Data entries
==============================

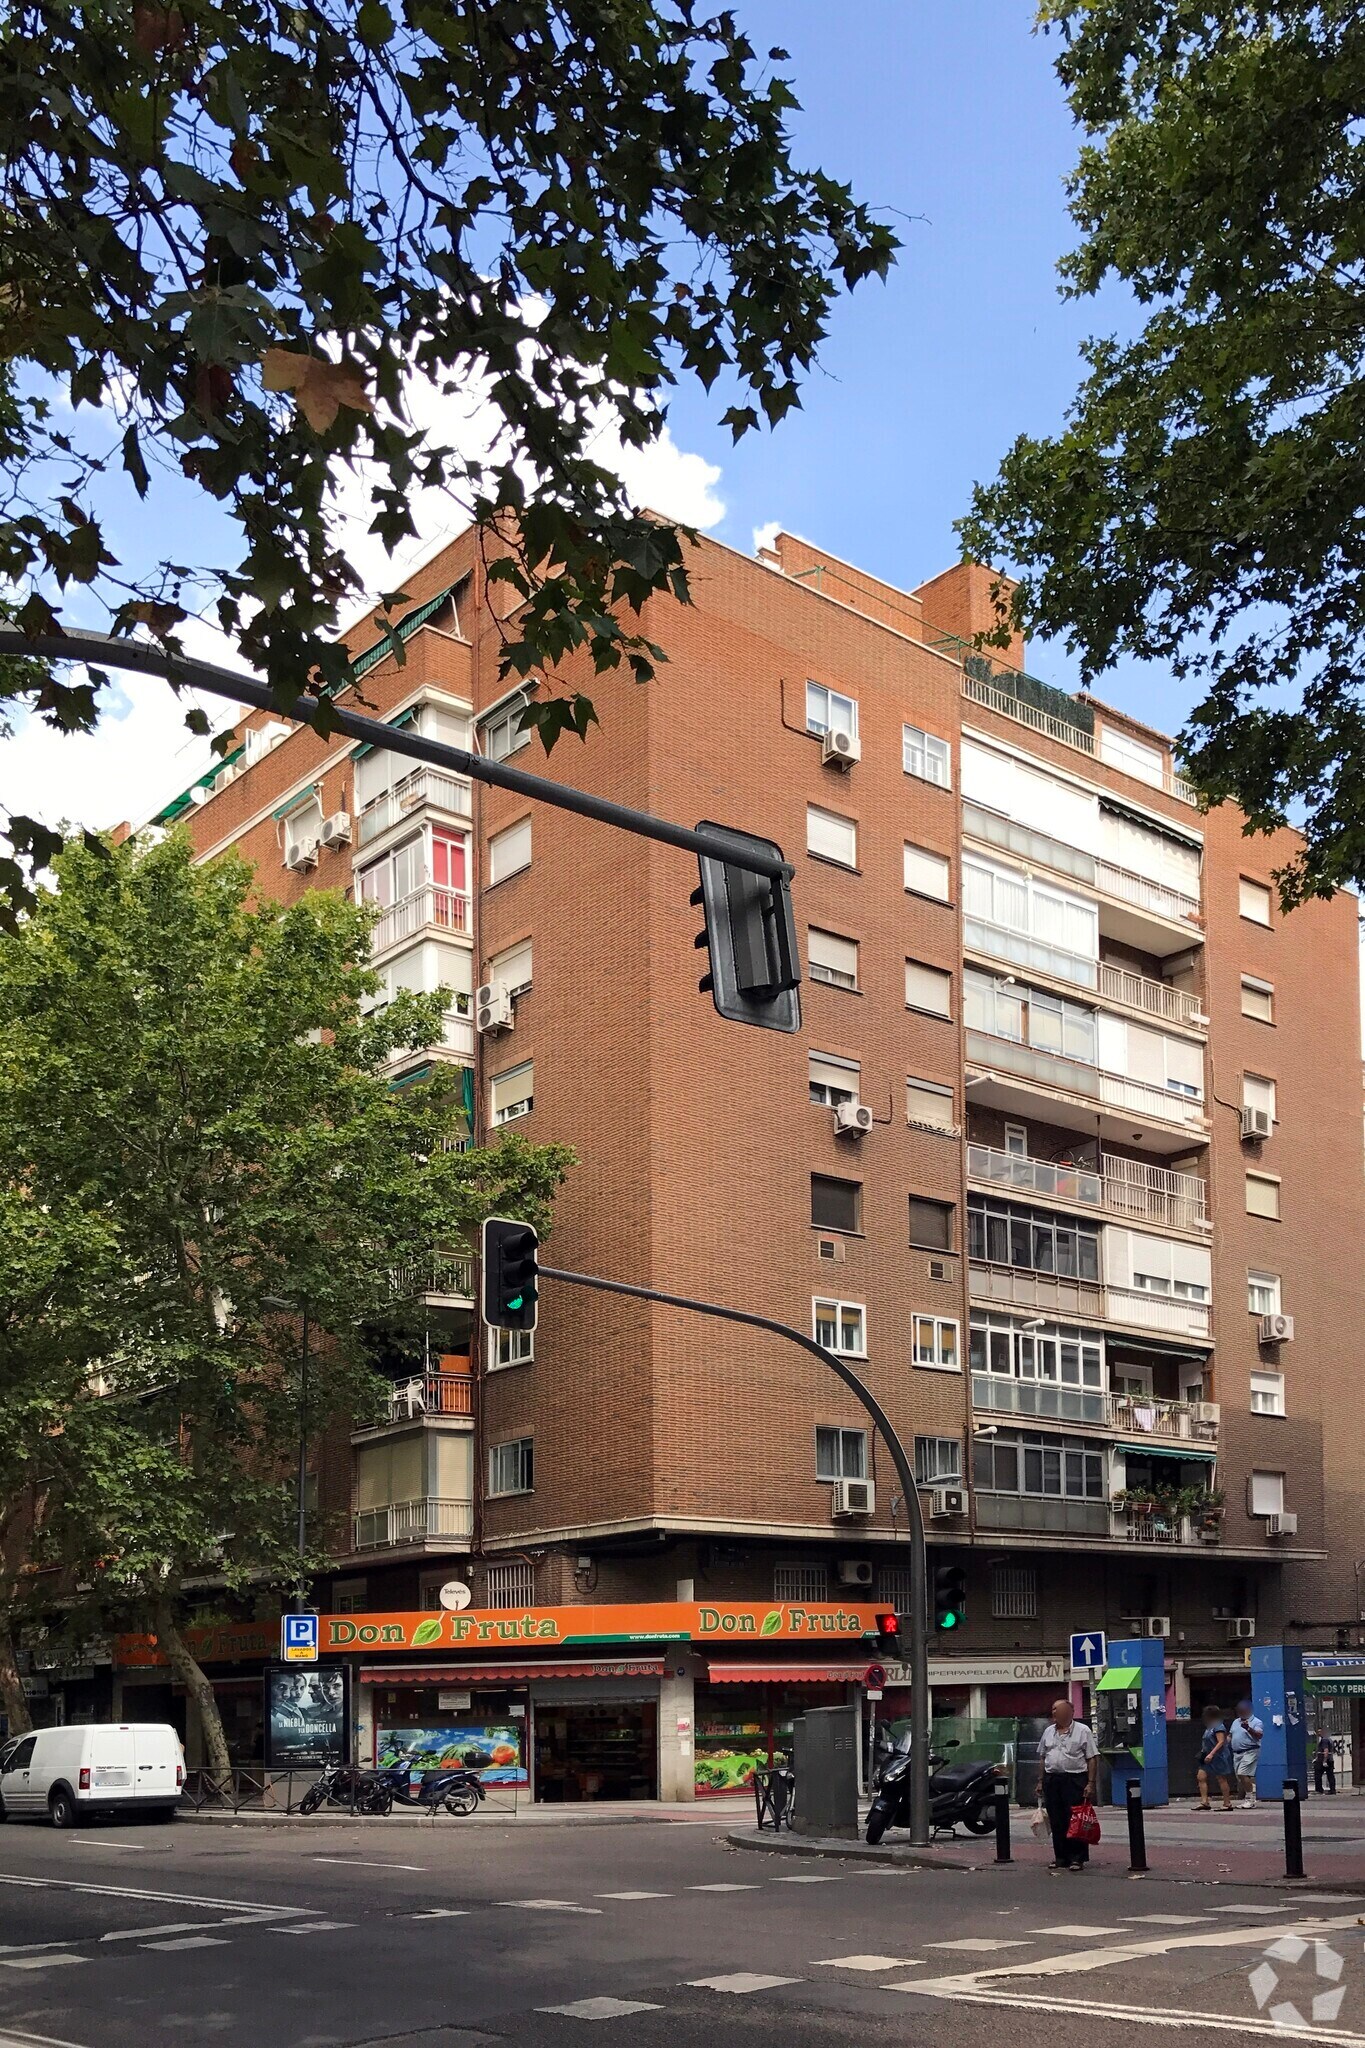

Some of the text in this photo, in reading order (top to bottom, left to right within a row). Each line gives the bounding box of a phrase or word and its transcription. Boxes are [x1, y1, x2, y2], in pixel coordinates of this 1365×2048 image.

[699, 1607, 862, 1633] Don Fruta
[295, 1622, 310, 1638] P
[329, 1614, 560, 1645] Don Fruta
[218, 1631, 266, 1655] Fruta
[592, 1664, 616, 1673] Don
[1339, 1684, 1346, 1693] Y
[283, 1717, 305, 1728] NIEBLA
[305, 1723, 337, 1733] DONCELLA

==============================

→ Work to complete:
Leave out the pictures and give the rest of the records again exactly.

→ Solution to this task:
Some of the text in this photo, in reading order (top to bottom, left to right within a row). Each line gives the bounding box of a phrase or word and its transcription. Boxes are [x1, y1, x2, y2], in pixel coordinates of this 1365×2048 image.

[699, 1607, 862, 1633] Don Fruta
[295, 1622, 310, 1638] P
[329, 1614, 560, 1645] Don Fruta
[218, 1631, 266, 1655] Fruta
[592, 1664, 616, 1673] Don
[1339, 1684, 1346, 1693] Y
[283, 1717, 305, 1728] NIEBLA
[305, 1723, 337, 1733] DONCELLA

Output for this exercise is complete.